Task goal: Return each line of the data below exactly, omitting any pictures.

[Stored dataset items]
* * * *
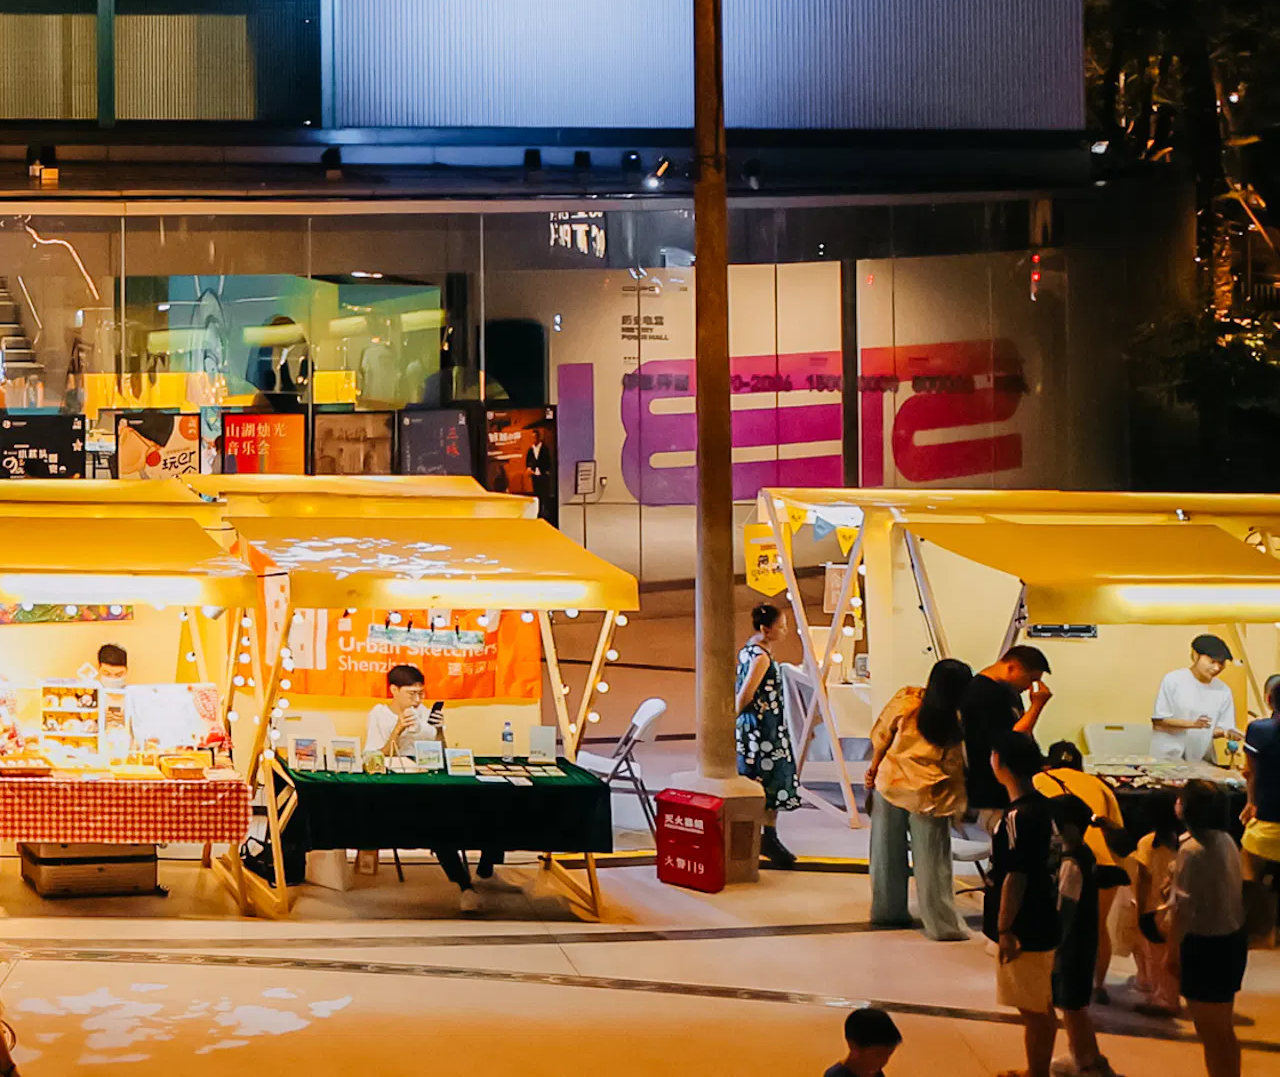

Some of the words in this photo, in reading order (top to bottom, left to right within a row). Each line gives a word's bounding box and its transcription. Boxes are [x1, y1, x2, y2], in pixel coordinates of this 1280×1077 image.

[226, 422, 287, 438] 山湖烛光
[227, 440, 271, 455] 音乐会
[338, 637, 400, 654] Urban
[664, 814, 704, 830] 灭火器箱
[664, 855, 705, 875] 火警119
* * * *
Answer:
Some of the words in this photo, in reading order (top to bottom, left to right within a row). Each line gives a word's bounding box and its transcription. Boxes are [x1, y1, x2, y2], in pixel coordinates of this 1280×1077 image.

[226, 422, 287, 438] 山湖烛光
[227, 440, 271, 455] 音乐会
[338, 637, 400, 654] Urban
[664, 814, 704, 830] 灭火器箱
[664, 855, 705, 875] 火警119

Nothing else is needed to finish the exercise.